BOOKS & ARTS
Call of Valhalla Lewis Jones Rognarök: The End of the Gods by A.S. Byatt Canongate, £14.99, pp. 177, ISBN 9781847670649
In an appendix to this powerfully poetic and beautifully produced little book, A.S. Byatt explains that when Canongate invited her to write a myth, she knew immediately which one to choose: the myth of the Icelandic sagas and Wagner’s operas — ‘Ragnarök: the myth to end all myths, the myth in which the gods themselves were all destroyed.’

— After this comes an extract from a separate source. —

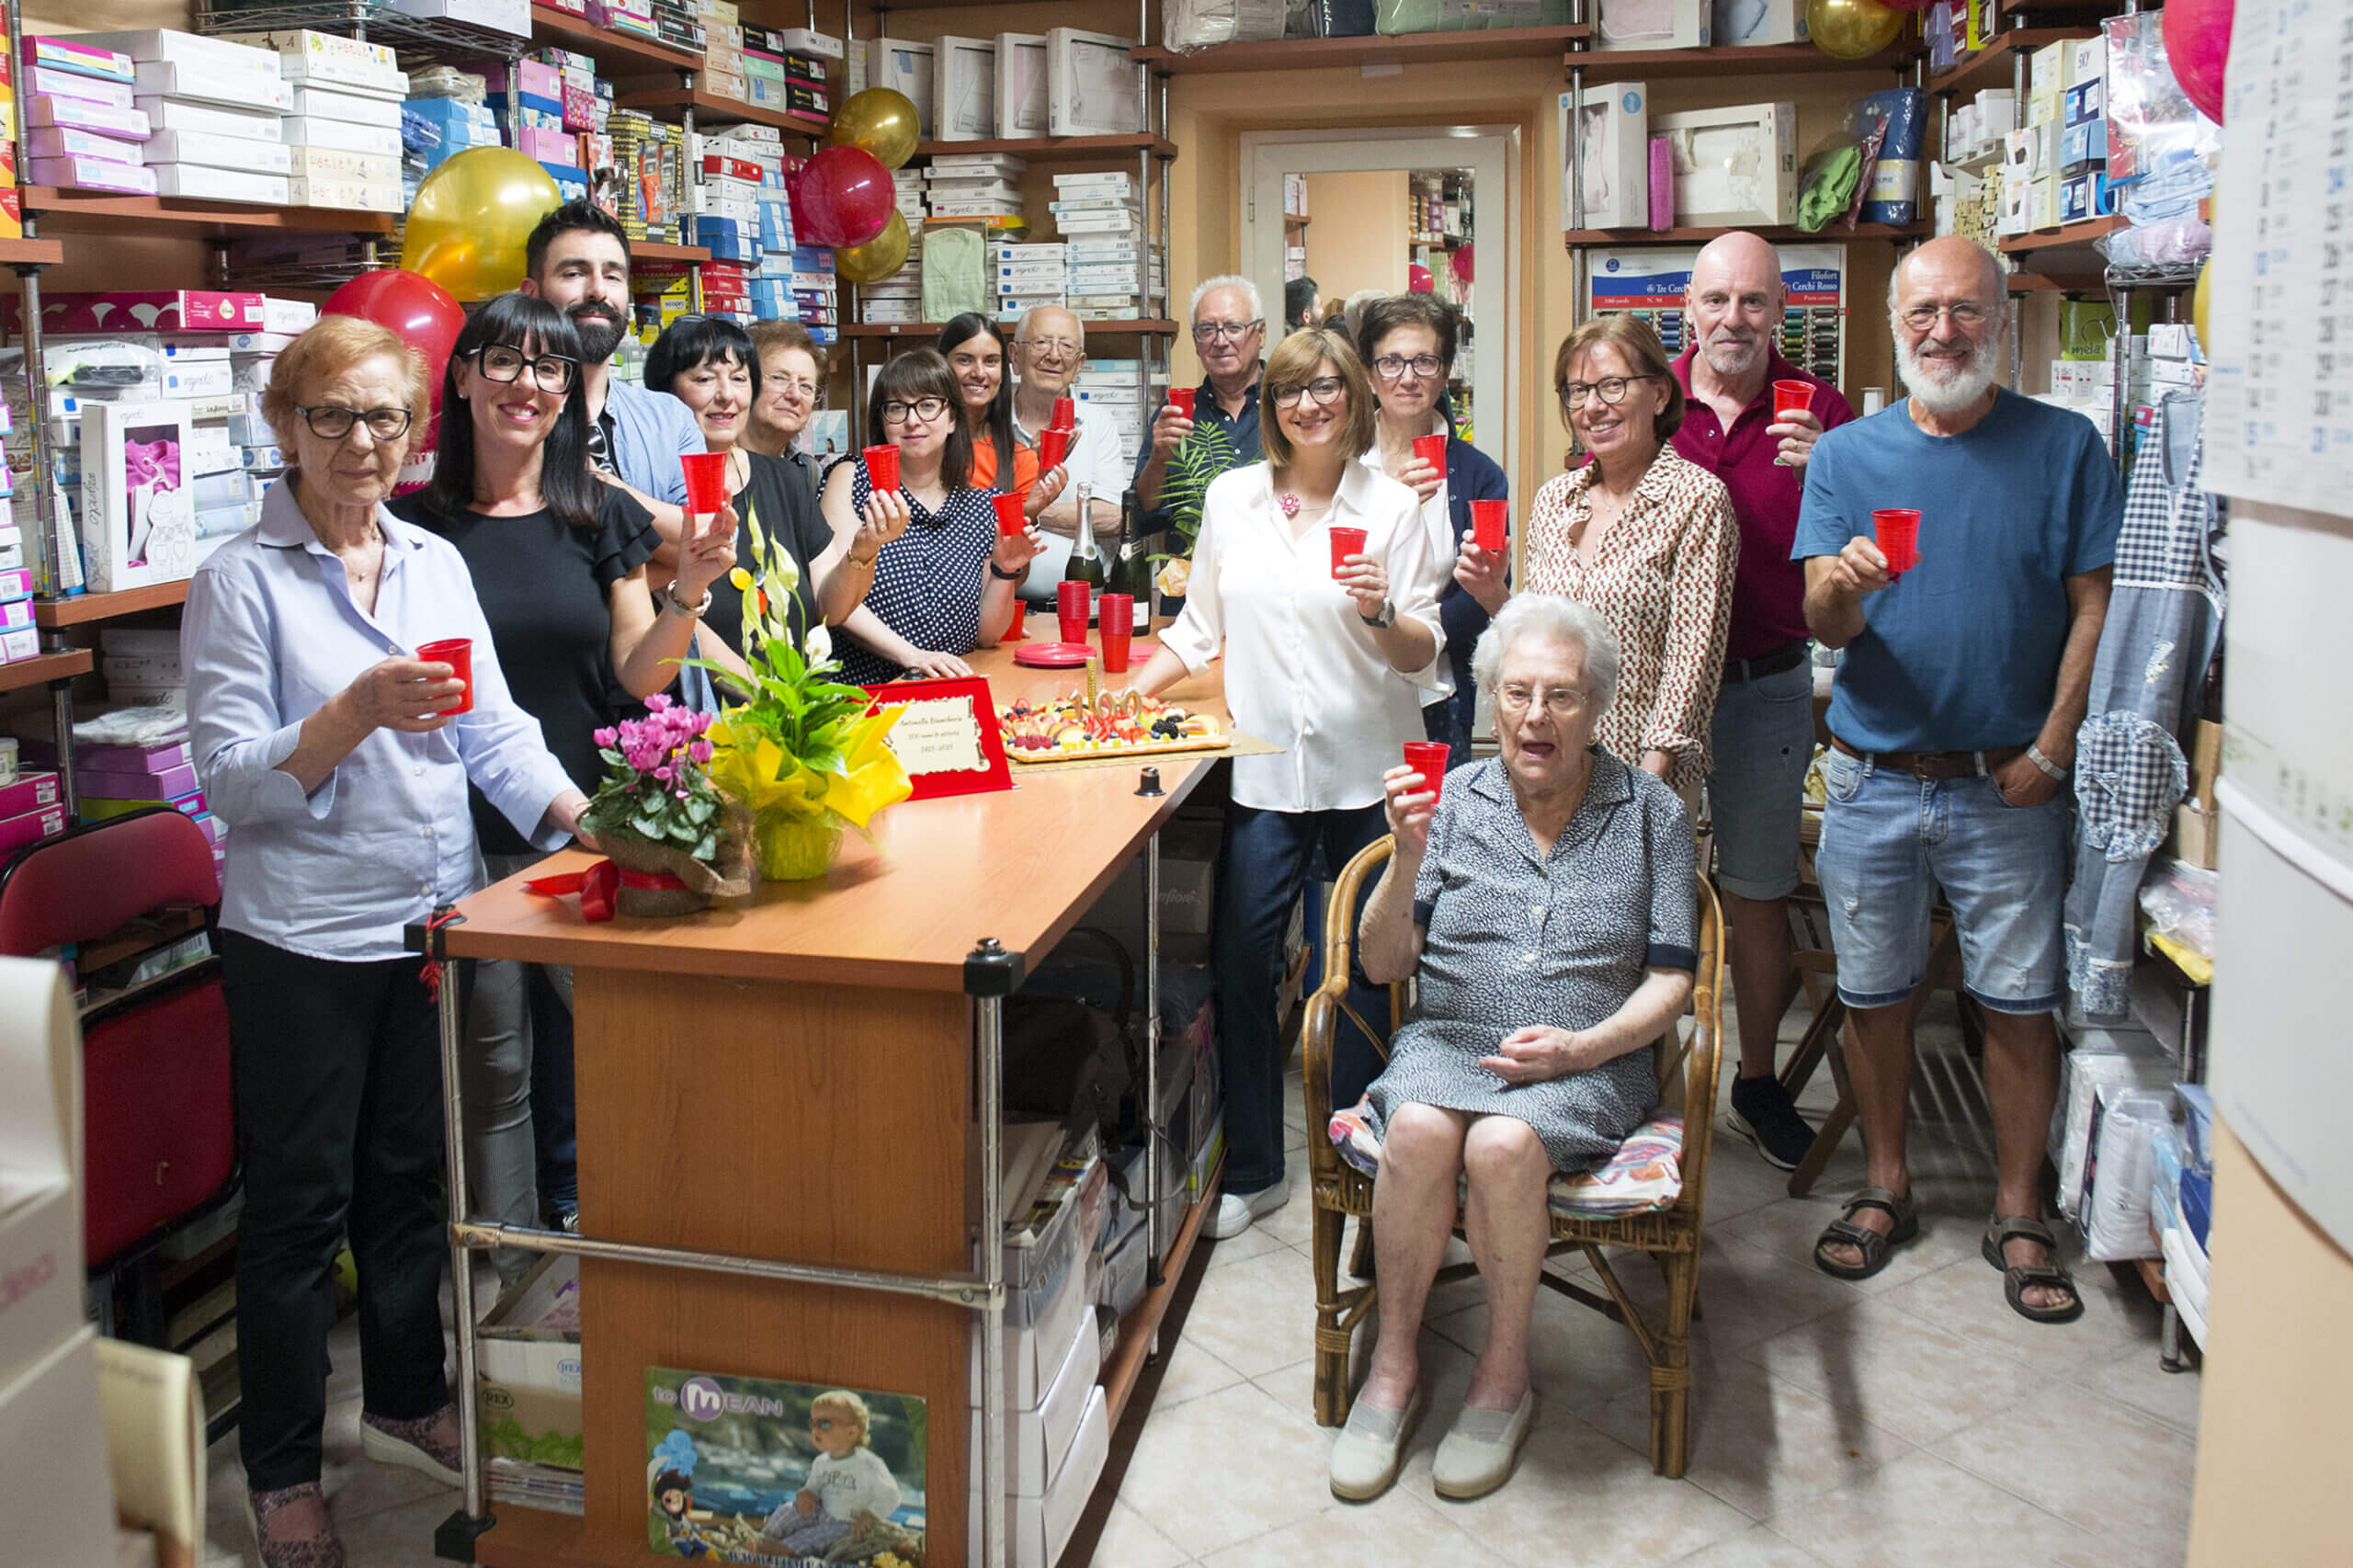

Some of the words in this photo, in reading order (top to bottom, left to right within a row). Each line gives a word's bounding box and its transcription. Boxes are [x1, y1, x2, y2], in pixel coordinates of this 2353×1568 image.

[1668, 283, 1686, 294] Cerc
[1792, 281, 1815, 292] Cerchi
[1068, 685, 1143, 722] 100
[653, 1384, 678, 1406] to

When she began, she realised that she was writing for her childhood self, and the way she thought about the world when she first encountered the myth in her mother’s old copy of Asgard and the Gods, acquired as a crib for exams in Old Icelandic and Ancient Norse: ‘a solid volume, bound in green, with an intriguing, rushing image on the cover, of Odin’s Wild Hunt’. So she introduced to her story about ‘the old Germanic world’ the figure of the ‘thin child in wartime’ — herself, aged three when the war began — growing up in the north of England, Viking country, while modern Germany dropped bombs from the sky.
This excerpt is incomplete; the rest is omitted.